Kontrovers diskutiert wurde u.a., ob das im gemeinsamen Eckpunktepapier von BMAS und BMI angedachte Beweisverwertungsverbot bei Verstößen gegen den Beschäftigtendatenschutz eingeführt werden sollte. Prof. Dr. Thüsing lehnte dies mit der Begründung ab, dass es nicht sinnvoll sei, dass im Beschäftigtendatenschutz Regelungen zur Beweisverwertung getroffen werden, die von den allgemeinen Grundsätzen zur Beweisverwertung abweichen. Der Beschäftigtendatenschutz sollte keine Sonderstellung einnehmen.
Besondere Bedeutung aus Sicht der Praxis hat im Zusammenhang mit dem Beschäftigtendatenschutz die Konkretisierung zulässiger Datenverarbeitungen im Konzernverbund. Gesetzliche Regelbeispiele für im Grundsatz zulässige Anwendungsszenarien, wie z.B. die häufig stattfindende Arbeit in Matrixstrukturen, könnten hier zu mehr Rechtssicherheit beitragen.

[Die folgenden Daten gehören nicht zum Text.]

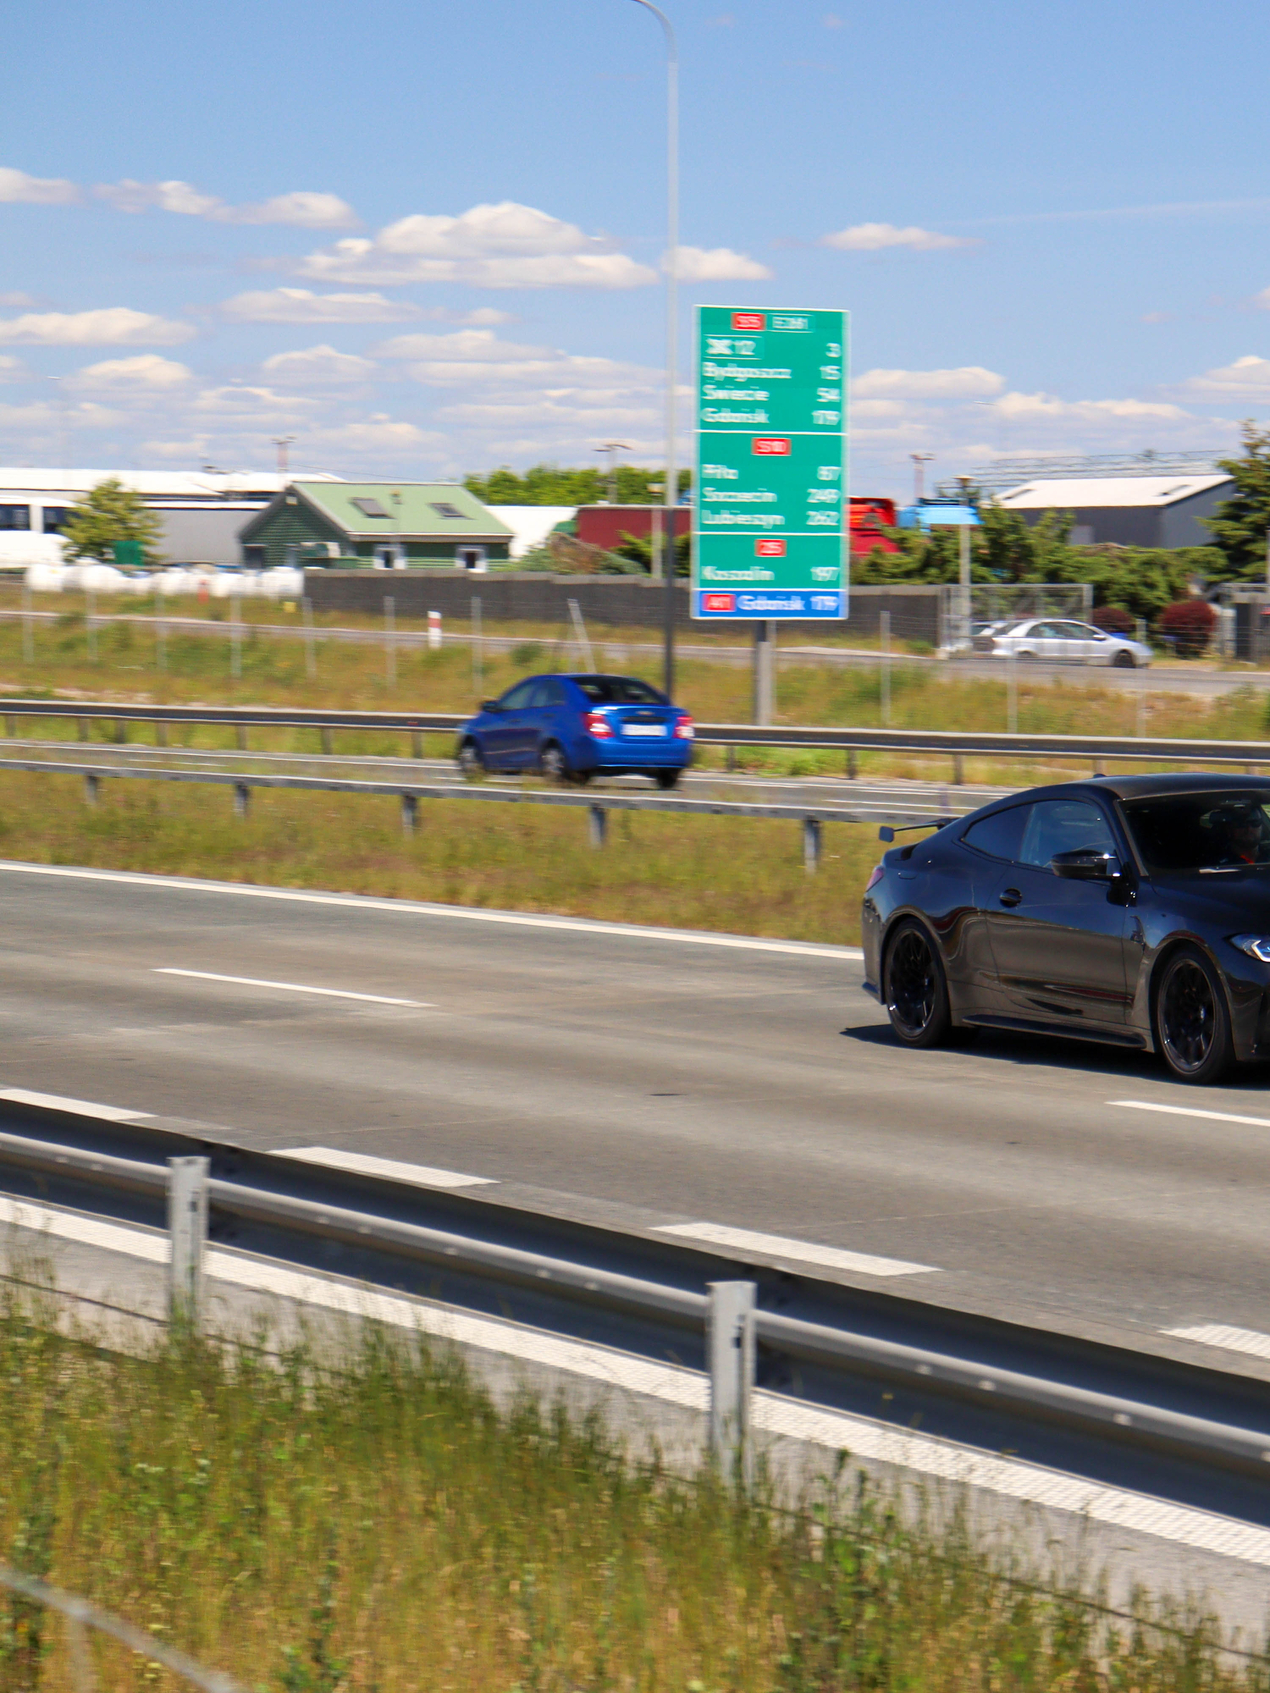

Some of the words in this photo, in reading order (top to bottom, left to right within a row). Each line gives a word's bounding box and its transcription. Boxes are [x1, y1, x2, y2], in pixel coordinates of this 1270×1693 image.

[826, 343, 841, 358] 3
[702, 361, 792, 382] Bydgoszcz
[819, 365, 841, 380] 15
[816, 387, 841, 403] 54
[701, 407, 770, 424] Gdańsk
[817, 465, 842, 481] 87
[702, 487, 777, 502] Szczecin
[760, 541, 783, 554] 25
[701, 565, 775, 581] Koszalin
[810, 566, 841, 581] 197
[737, 595, 806, 611] Gdańsk
[810, 596, 839, 611] 179
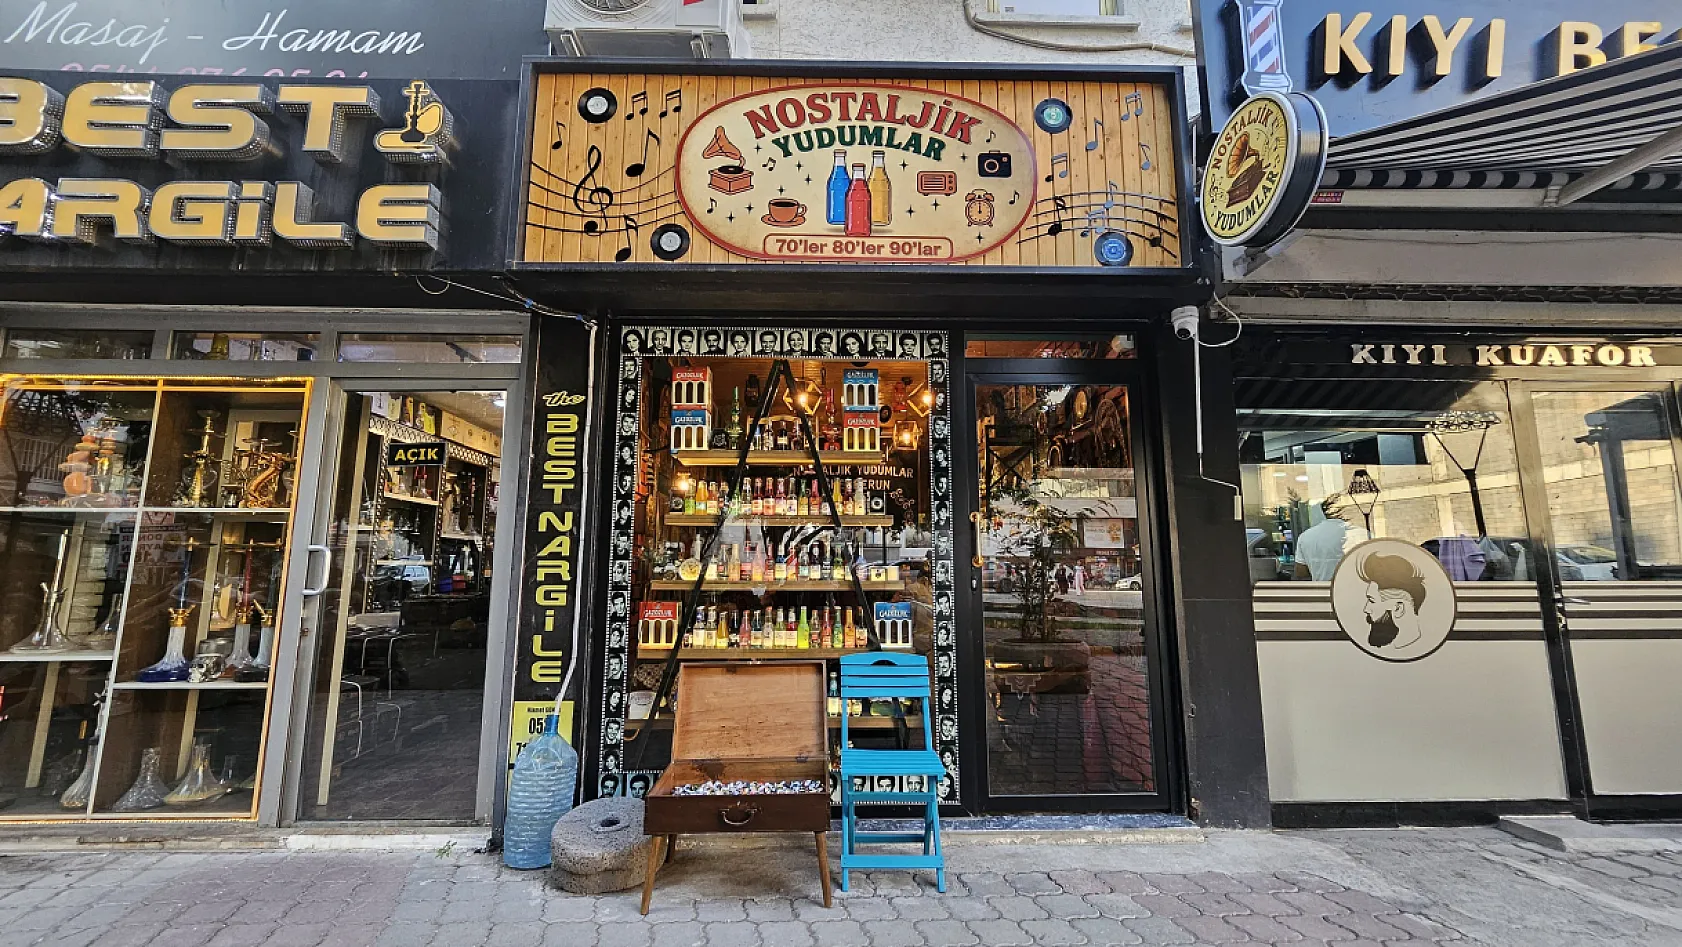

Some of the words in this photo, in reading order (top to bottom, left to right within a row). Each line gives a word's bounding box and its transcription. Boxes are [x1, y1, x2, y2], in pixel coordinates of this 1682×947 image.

Das RDV-Forum ist die jährlich stattfindende Tagung der Fachzeitschrift für Datenschutz und Digitalisierung „Recht der Datenverarbeitung (RDV)“. Die RDV wird von der Gesellschaft für Datenschutz und Datensicherheit (GDD) e.V., Bonn, mitherausgegeben sowie redaktionell betreut.